The Science Policy and Diplomacy Newsletter of the Australian Academy of Science highlights important science policy discussions and events in Australia and around the globe. We report on the involvement of science in national and international policy and diplomacy, and the Academy’s contributions to these discussions.
This year has been an unprecedented one for the world’s oceans, and it is timely that the future of the Great Barrier Reef (the Reef) has received some focused attention. The Reef is a complex connection of ecosystems and sub-systems spanning land and water, which is important to many communities along its length and beyond.
The Reef is already undergoing major changes to its ecosystems at an unprecedented pace and scale. Climate change is expected to irreversibly reshape the Reef’s ecosystems by around mid-century, regardless of whether global emissions stabilise or not.
UNESCO continues to monitor climate change impacts on the Reef. The World Heritage Centre/IUCN Reactive Monitoring mission concluded that the “Outstanding Universal Value of the property is considerably impacted by climate factors, and that the resilience of the property to recover from climate change impacts is significantly compromised”. Nevertheless, the Reef remains off the ‘In danger’ list for another year.
In April, I had the privilege of co-chairing the second of three multidisciplinary Reef Futures roundtables hosted by the Australian Academy of Science.

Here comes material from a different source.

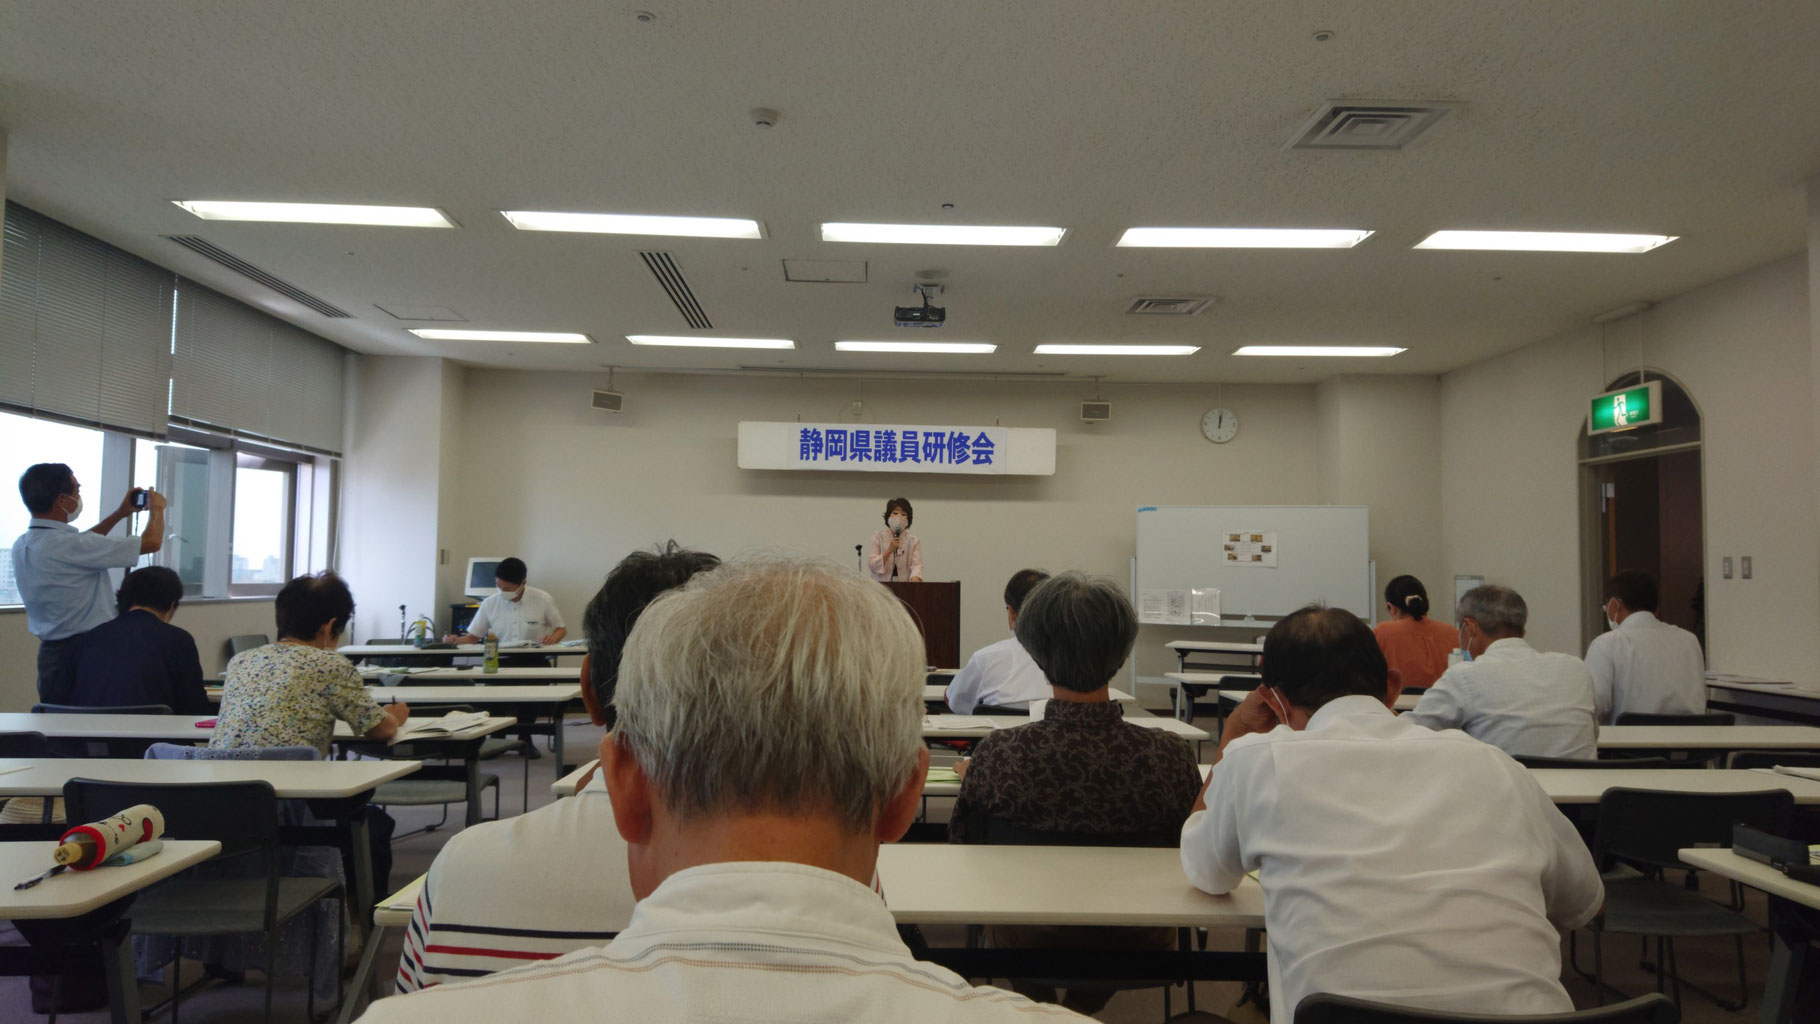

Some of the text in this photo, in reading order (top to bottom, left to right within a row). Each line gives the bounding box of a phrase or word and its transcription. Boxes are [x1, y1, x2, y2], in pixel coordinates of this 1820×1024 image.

[799, 427, 995, 465] 静岡県議員研修会

These roundtables called on expertise from multiple disciplines to look at the future of the Reef. As co-chair, I led a discussion focused on interventions, adaptation, and restoration methods under plausible climate futures.
While existing interventions are crucial, scaling up the science is proving to be a challenge. Interventions and restoration science aim to buy time for reef ecosystems to build resilience to adapt to climate change. These include aquaculture, cryopreservation, assisted gene flow and translocation, amongst others. Currently, there is no single known intervention operating holistically and at scale for a sustainable and resilient Reef. However, there are opportunities to align research, development, management and Traditional Knowledges to create a holistic system that is greater than the sum of its parts.

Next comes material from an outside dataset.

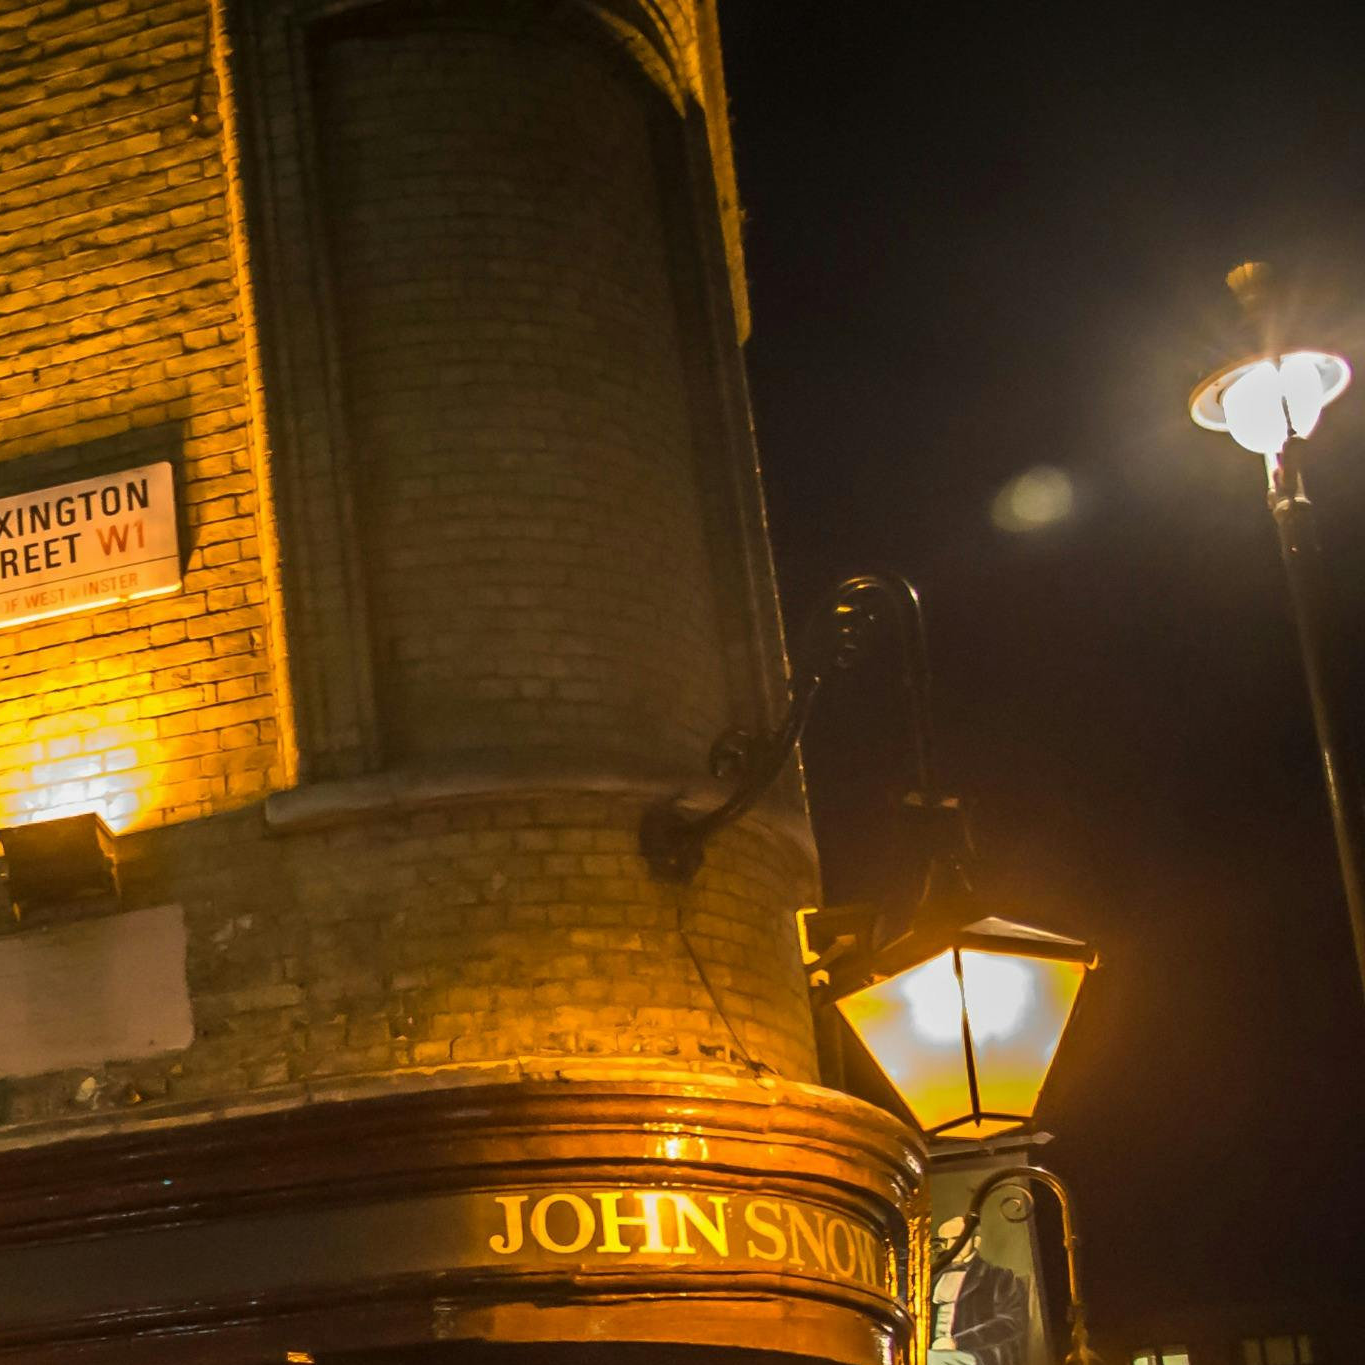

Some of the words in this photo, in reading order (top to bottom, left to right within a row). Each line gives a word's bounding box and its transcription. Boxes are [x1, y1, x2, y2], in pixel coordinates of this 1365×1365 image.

[95, 519, 146, 556] W1
[23, 573, 139, 609] WESTINSTER
[488, 1191, 730, 1258] JOHN
[744, 1198, 877, 1288] SNOW

The Academy’s Reef Futures Roundtables Report details the results of the three roundtables, with observations and identified opportunities to improve the health of the Reef. The report was used to provide advice to the Australian Minister for the Environment and Water, the Hon Tanya Plibersek MP, and the Queensland Minister for the Environment and the Great Barrier Reef, the Hon Leanne Linard MP, from the Reef 2050 Independent Expert Panel.
Many research disciplines are grappling with the complexity of the Reef and its future, and the Reef Joint Field Management Program is the only formal governance agreement in place. While there are many research groups leading monitoring and modelling efforts related to the Reef, the focus has not been evenly distributed across all areas, and many unknowns still remain.
Central to many of the opportunities identified in the roundtables report is collaboration and interconnectedness. Protecting, adapting and restoring the Reef requires working across disciplines, coordinating efforts, weaving in Traditional Knowledges and thinking across multiple ecosystems.
The first step towards achieving this is knowledge sharing. Two-way knowledge corridors between Traditional Owners, government, researchers and other groups are needed. Sharing knowledge is not as simple as could be hoped, as there are not even governance arrangements between research groups on data standards and open access. The report identifies an opportunity for relevant research organisations to form a consortium for sector-wide data standards and sharing arrangements.
Such an arrangement would only be a starting point, however. There is more that can be done and needs to be done for the Reef, but it must be done together—beyond silos.
The positive impact of investing in research has been demonstrated again.
An independent assessment of the Australian Research Council (ARC)’s National Competitive Grants Program has found that every A$1 of research that the ARC funds generates A$3.32 in economic output back into the Australian community. In addition, the report estimates that ARC-funded research from 2002-21 will increase the real income of Australians by A$152.5 billion and create 6,570 jobs per year across Australia.
As highlighted in a recent opinion piece by Professor Chennupati Jagadish, President of the Australian Academy of Science, greater R&D investment is essential to unlocking our potential as a nation.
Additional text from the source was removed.